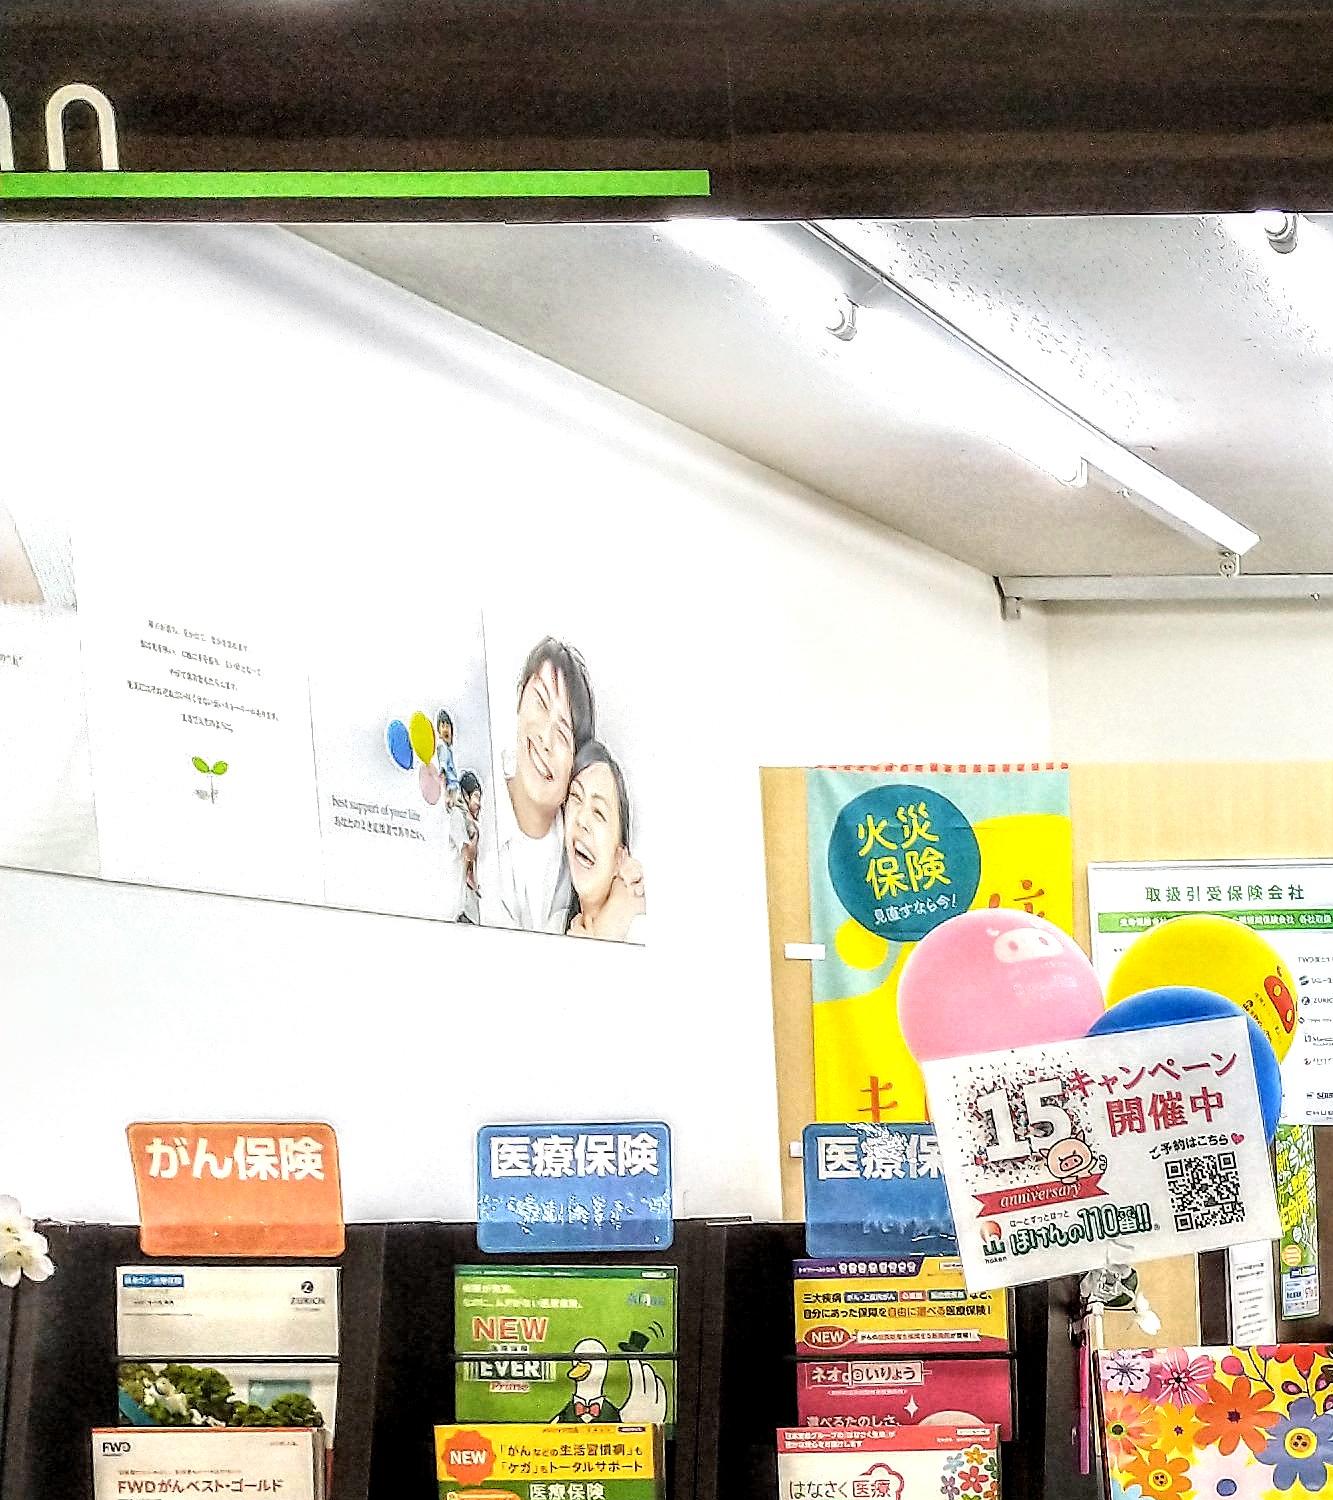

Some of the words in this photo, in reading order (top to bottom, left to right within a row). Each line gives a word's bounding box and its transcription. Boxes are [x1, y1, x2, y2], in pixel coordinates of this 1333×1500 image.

[856, 800, 941, 853] 火災
[865, 846, 952, 901] 保険
[1145, 883, 1305, 903] 取扱引受保険会社
[874, 892, 958, 926] 見直すなら今!
[973, 1075, 1074, 1167] 15
[1065, 1051, 1238, 1099] キャンペーン
[1105, 1085, 1226, 1138] 開催中
[146, 1135, 326, 1183] がん保険
[488, 1133, 660, 1180] 医療保険
[1148, 1133, 1230, 1160] ご予約はこちら
[1000, 1182, 1082, 1209] anniversary
[984, 1254, 1008, 1265] hoken
[473, 1316, 549, 1343] NEW
[810, 1331, 845, 1344] NEW
[479, 1360, 543, 1380] EVER
[102, 1441, 132, 1454] FWD
[450, 1450, 487, 1465] NEW
[117, 1478, 284, 1495] FWDがんベスト・ゴールド
[529, 1483, 605, 1500] 医療保険
[789, 1479, 892, 1500] はなさく医療
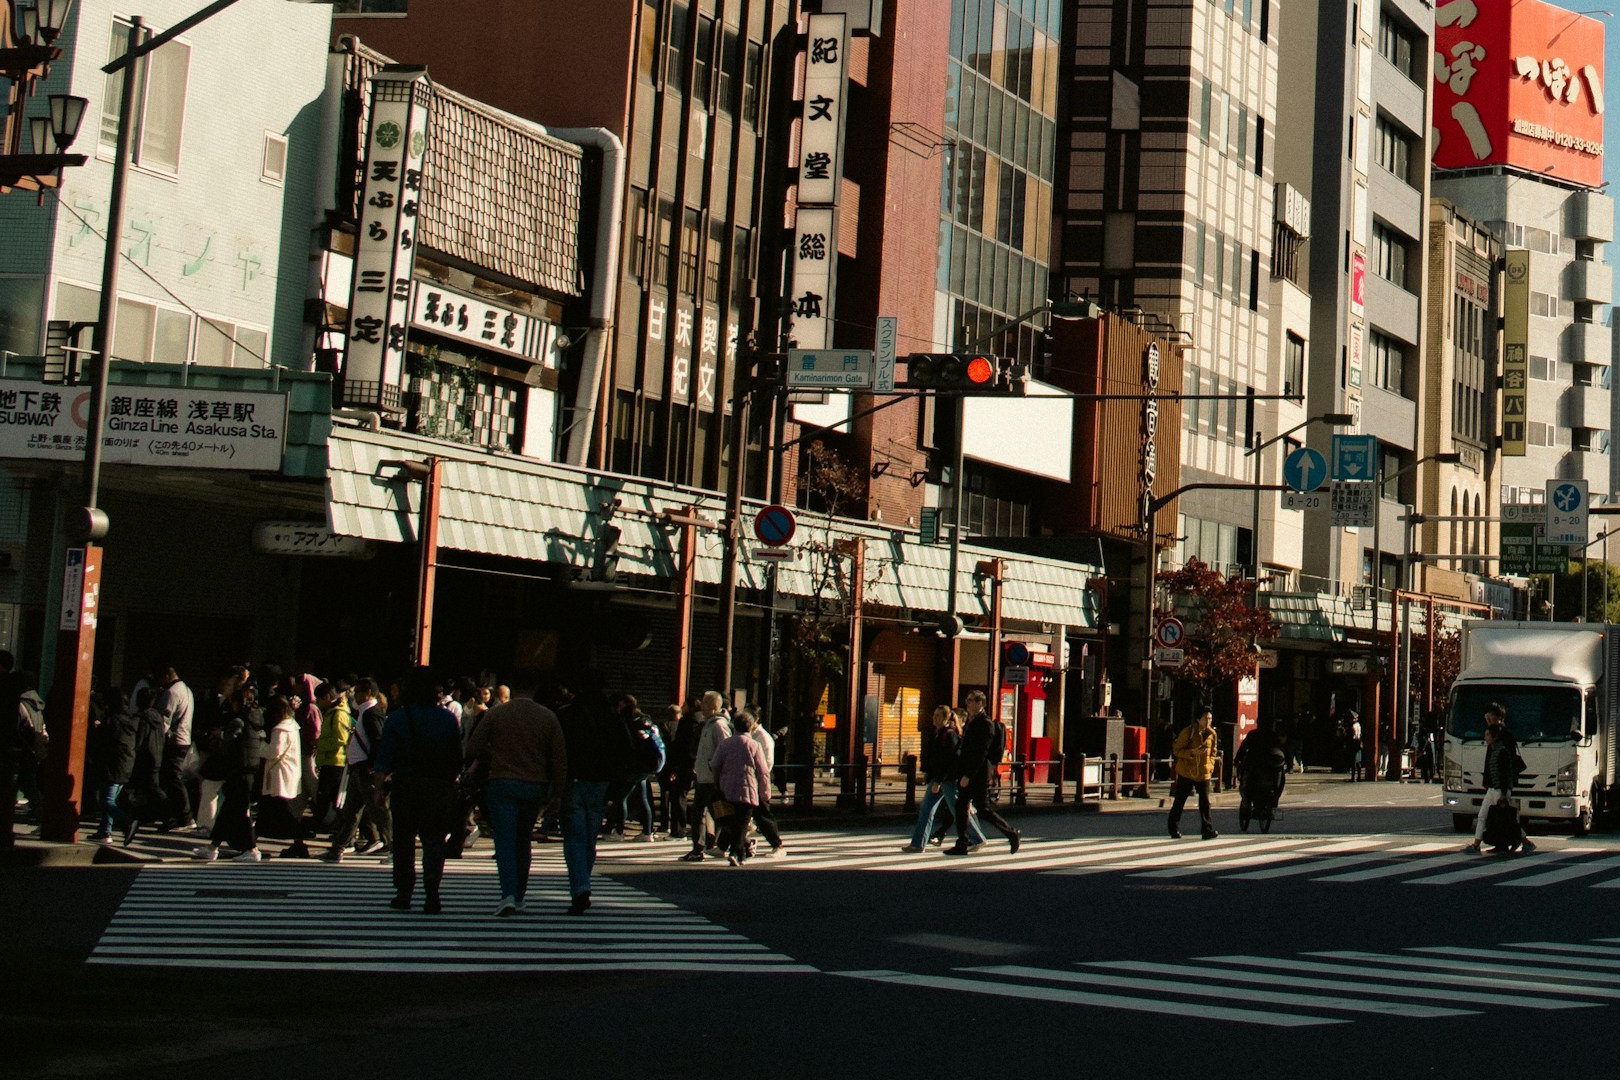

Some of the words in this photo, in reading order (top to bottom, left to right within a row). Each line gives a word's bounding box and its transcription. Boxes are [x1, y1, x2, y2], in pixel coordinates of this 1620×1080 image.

[1515, 55, 1605, 116] つぼ八
[802, 354, 859, 371] 雷門
[877, 318, 893, 390] スクランブル式
[794, 373, 842, 383] Kaminarimon
[845, 374, 863, 383] Gate
[0, 390, 62, 414] 地下鉄
[1504, 345, 1525, 441] 神谷バー
[110, 395, 179, 420] 銀座線
[188, 399, 256, 423] 浅草駅
[109, 417, 148, 432] Ginza
[150, 419, 179, 434] Line
[185, 421, 247, 438] Asakusa
[249, 425, 278, 439] Sta.
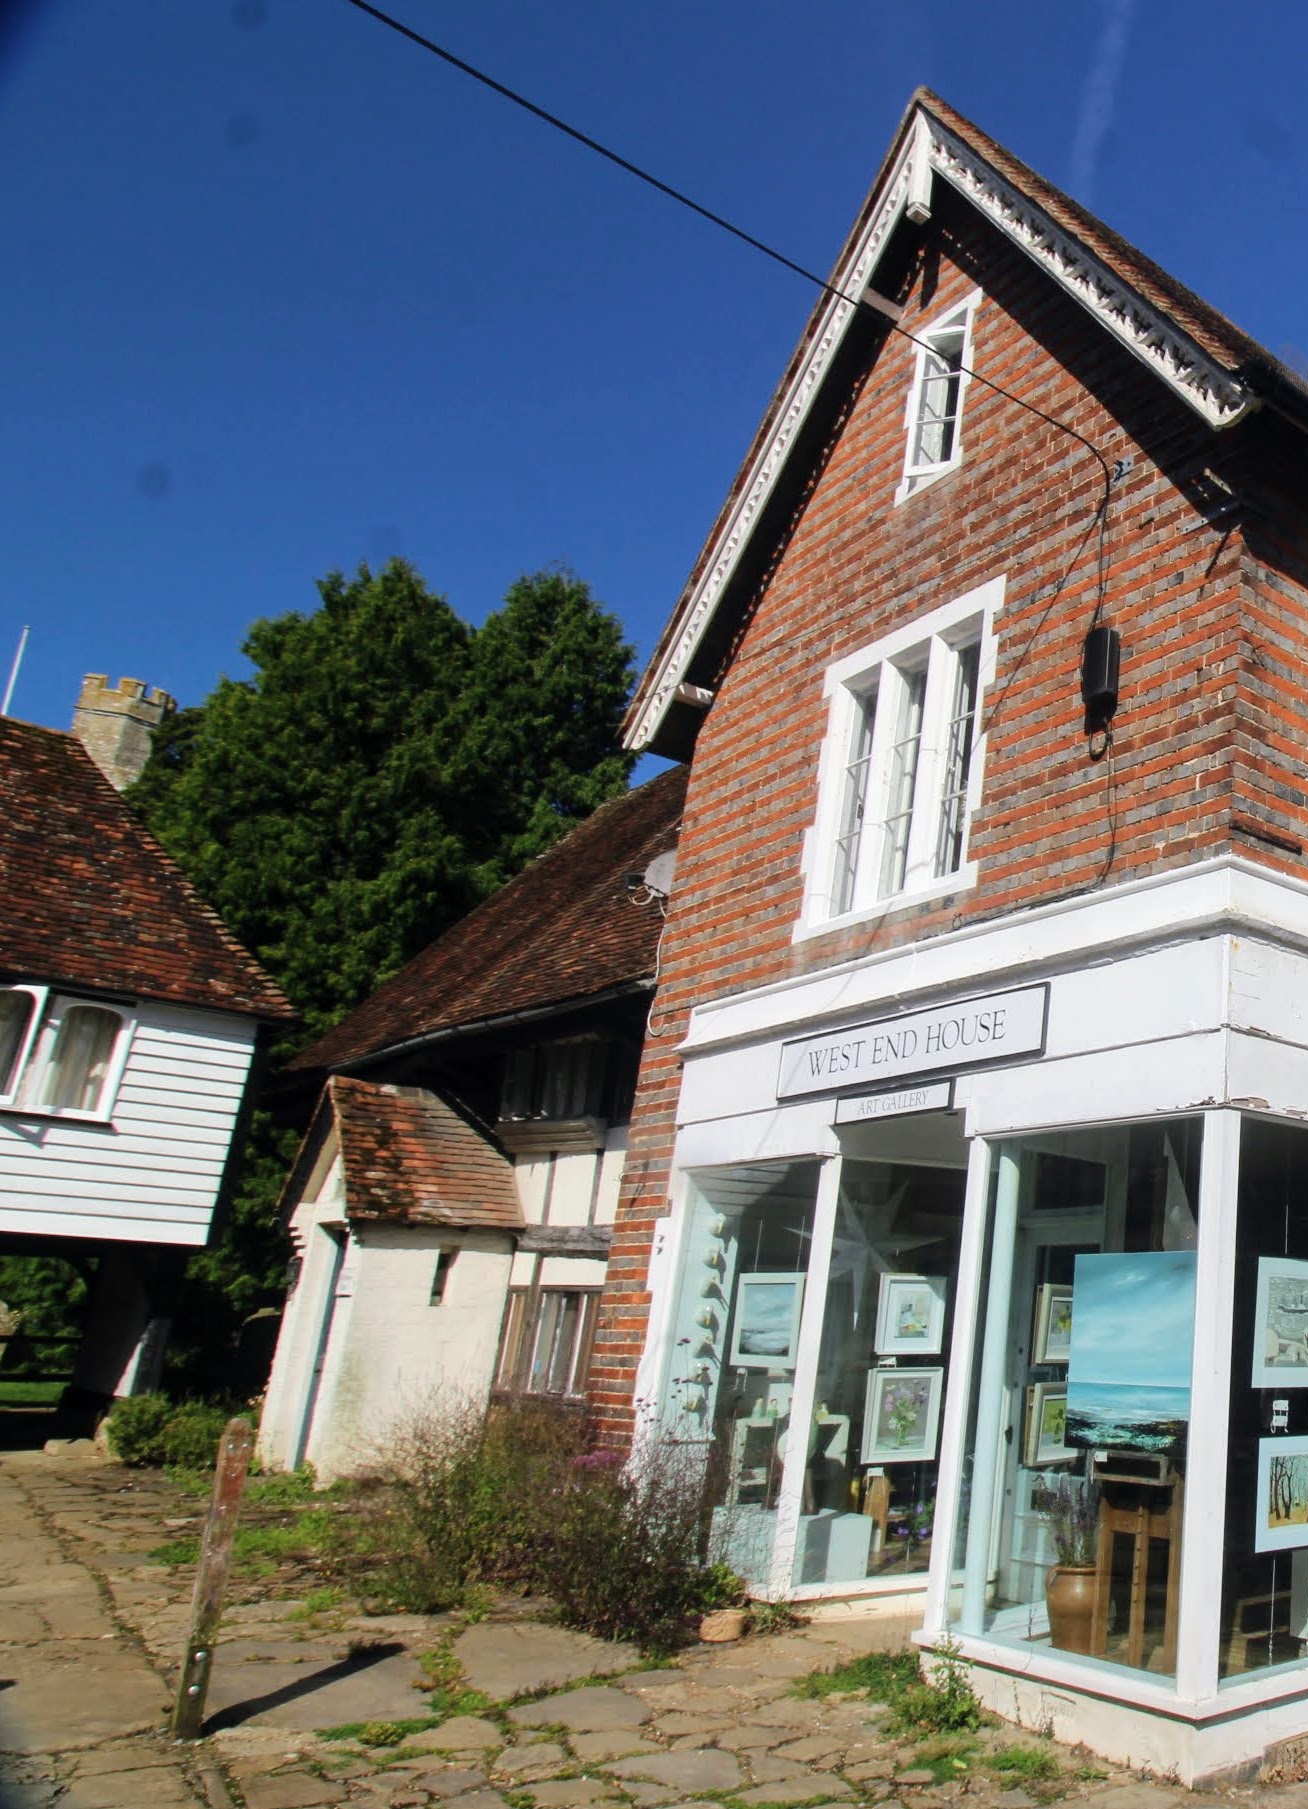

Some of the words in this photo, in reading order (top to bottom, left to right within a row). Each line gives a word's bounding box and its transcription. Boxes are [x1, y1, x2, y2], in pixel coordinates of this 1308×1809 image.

[808, 1041, 866, 1078] WEST
[871, 1029, 917, 1065] END
[925, 1009, 1006, 1054] HOUSE
[857, 1095, 880, 1116] ART
[882, 1089, 929, 1112] GALLERY
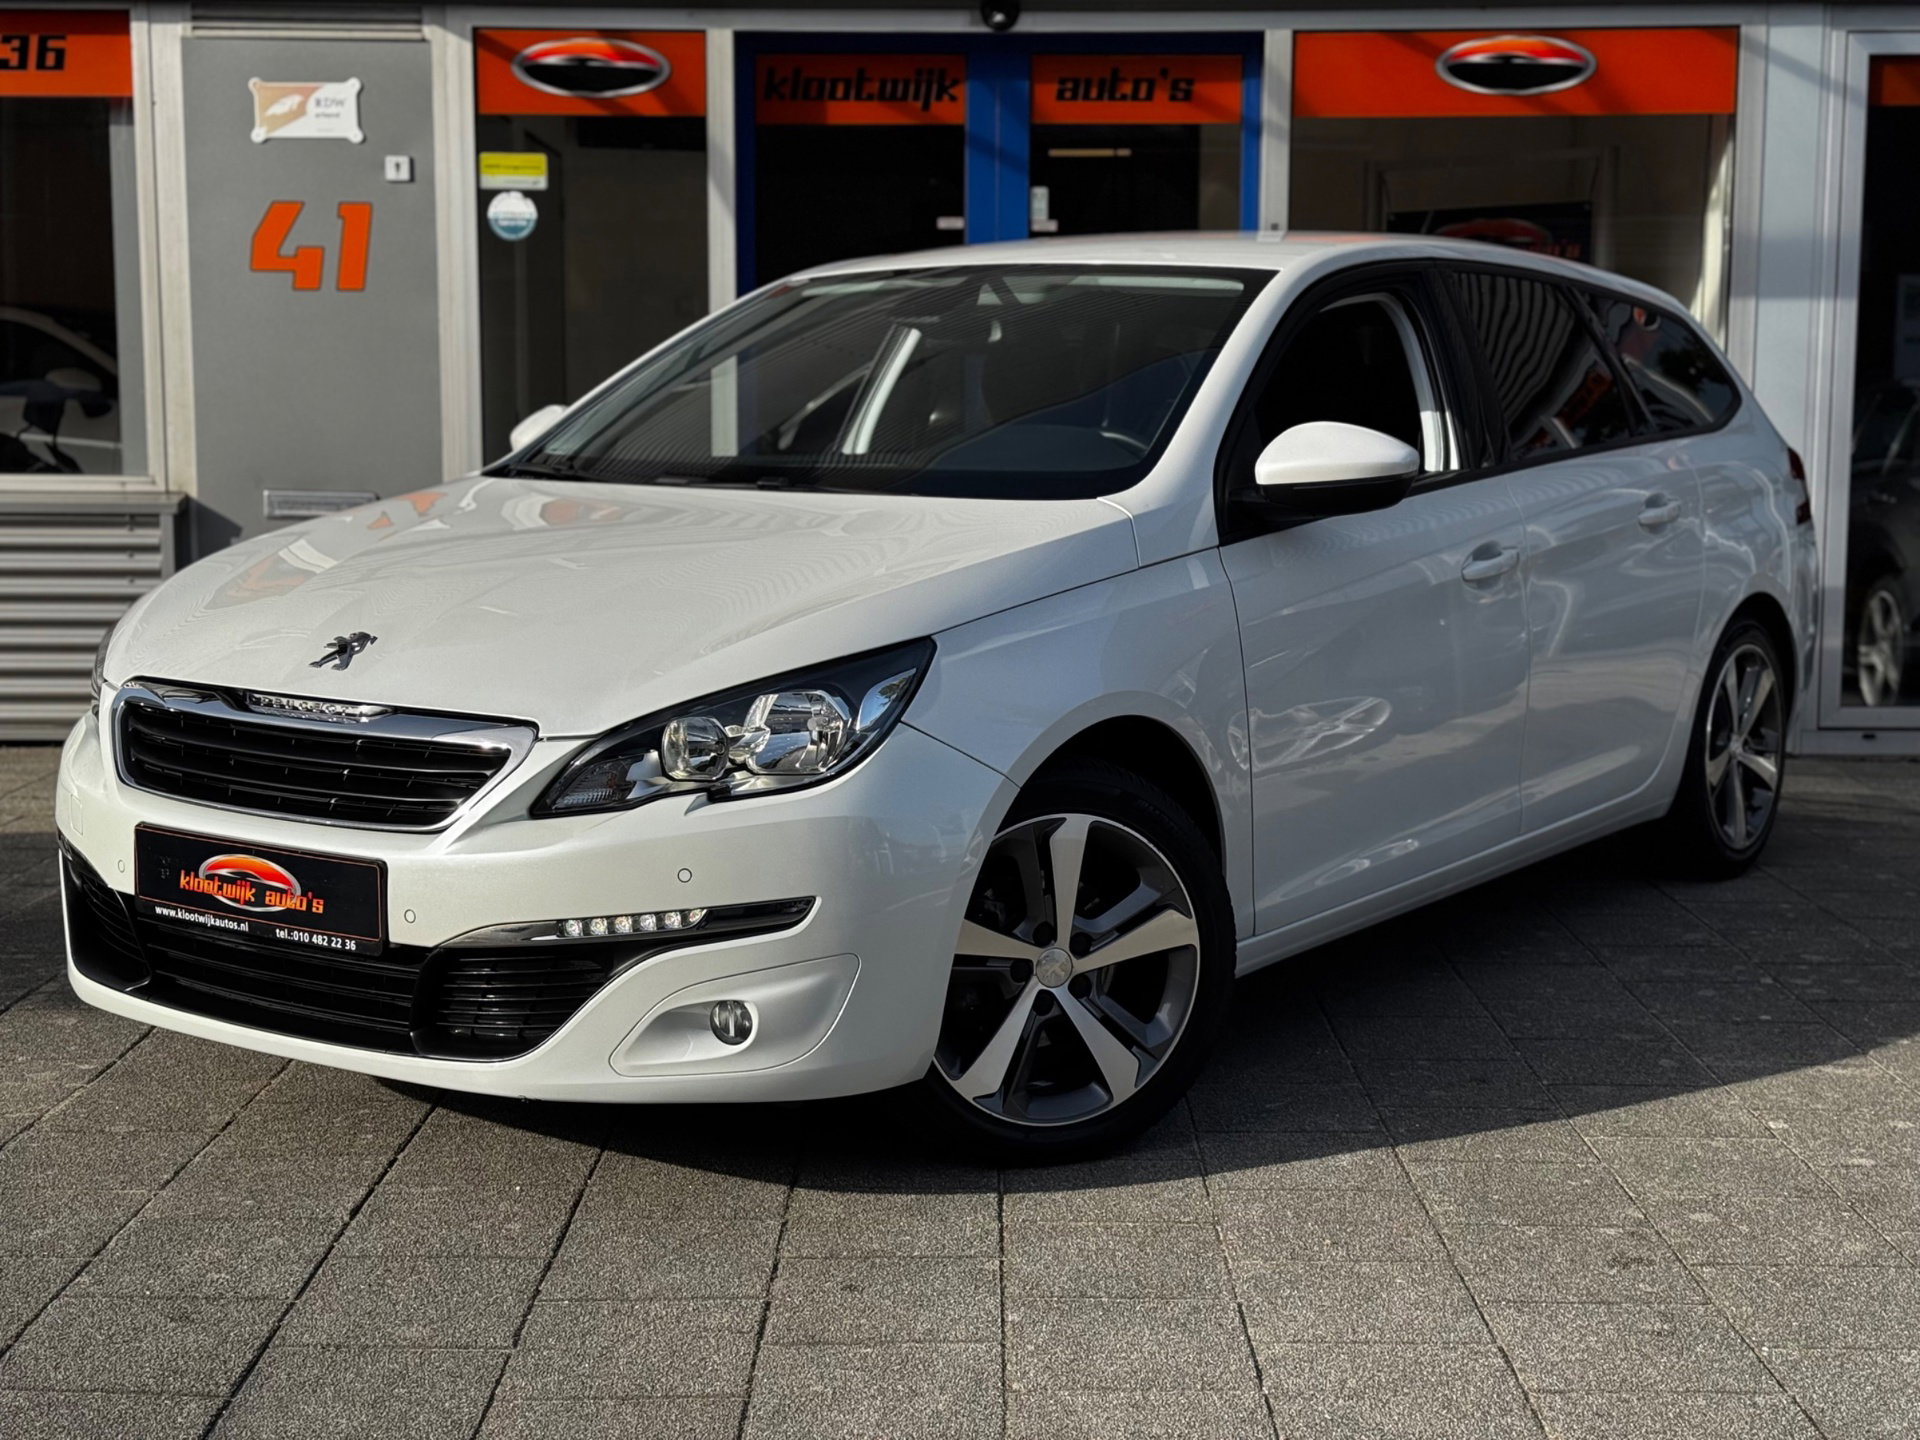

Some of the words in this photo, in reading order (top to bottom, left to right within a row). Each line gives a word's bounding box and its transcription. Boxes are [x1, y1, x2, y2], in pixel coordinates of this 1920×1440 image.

:::

_Assignment:_
With every picture removed, give the entries above again exactly.

_Answer to the problem:_
Some of the words in this photo, in reading order (top to bottom, left to right within a row). Each line gives a word's bounding box and its transcription. Boxes are [x1, y1, x2, y2], in pixel coordinates of this 1333×1500 image.

[856, 800, 941, 853] 火災
[865, 846, 952, 901] 保険
[1145, 883, 1305, 903] 取扱引受保険会社
[874, 892, 958, 926] 見直すなら今!
[973, 1075, 1074, 1167] 15
[1065, 1051, 1238, 1099] キャンペーン
[1105, 1085, 1226, 1138] 開催中
[146, 1135, 326, 1183] がん保険
[488, 1133, 660, 1180] 医療保険
[1148, 1133, 1230, 1160] ご予約はこちら
[1000, 1182, 1082, 1209] anniversary
[984, 1254, 1008, 1265] hoken
[473, 1316, 549, 1343] NEW
[810, 1331, 845, 1344] NEW
[479, 1360, 543, 1380] EVER
[102, 1441, 132, 1454] FWD
[450, 1450, 487, 1465] NEW
[117, 1478, 284, 1495] FWDがんベスト・ゴールド
[529, 1483, 605, 1500] 医療保険
[789, 1479, 892, 1500] はなさく医療

Some of the words in this photo, in reading order (top to bottom, left to right within a row). Each line gives a word's bounding box and its transcription. Boxes are [x1, y1, x2, y2], in pixel coordinates of this 1620×1080 image.

[1515, 55, 1605, 116] つぼ八
[802, 354, 859, 371] 雷門
[877, 318, 893, 390] スクランブル式
[794, 373, 842, 383] Kaminarimon
[845, 374, 863, 383] Gate
[0, 390, 62, 414] 地下鉄
[1504, 345, 1525, 441] 神谷バー
[110, 395, 179, 420] 銀座線
[188, 399, 256, 423] 浅草駅
[109, 417, 148, 432] Ginza
[150, 419, 179, 434] Line
[185, 421, 247, 438] Asakusa
[249, 425, 278, 439] Sta.

Some of the words in this photo, in reading order (top to bottom, left to right within a row). Each line gives a word's bounding box and its transcription. Boxes are [x1, y1, x2, y2], in pixel coordinates of this 1308×1809 image.

[808, 1041, 866, 1078] WEST
[871, 1029, 917, 1065] END
[925, 1009, 1006, 1054] HOUSE
[857, 1095, 880, 1116] ART
[882, 1089, 929, 1112] GALLERY

Some of the words in this photo, in reading order (top to bottom, left to right within a row). Each line gives a word's bounding box and its transcription. Boxes are [x1, y1, x2, y2], in pixel coordinates of this 1920×1440 image.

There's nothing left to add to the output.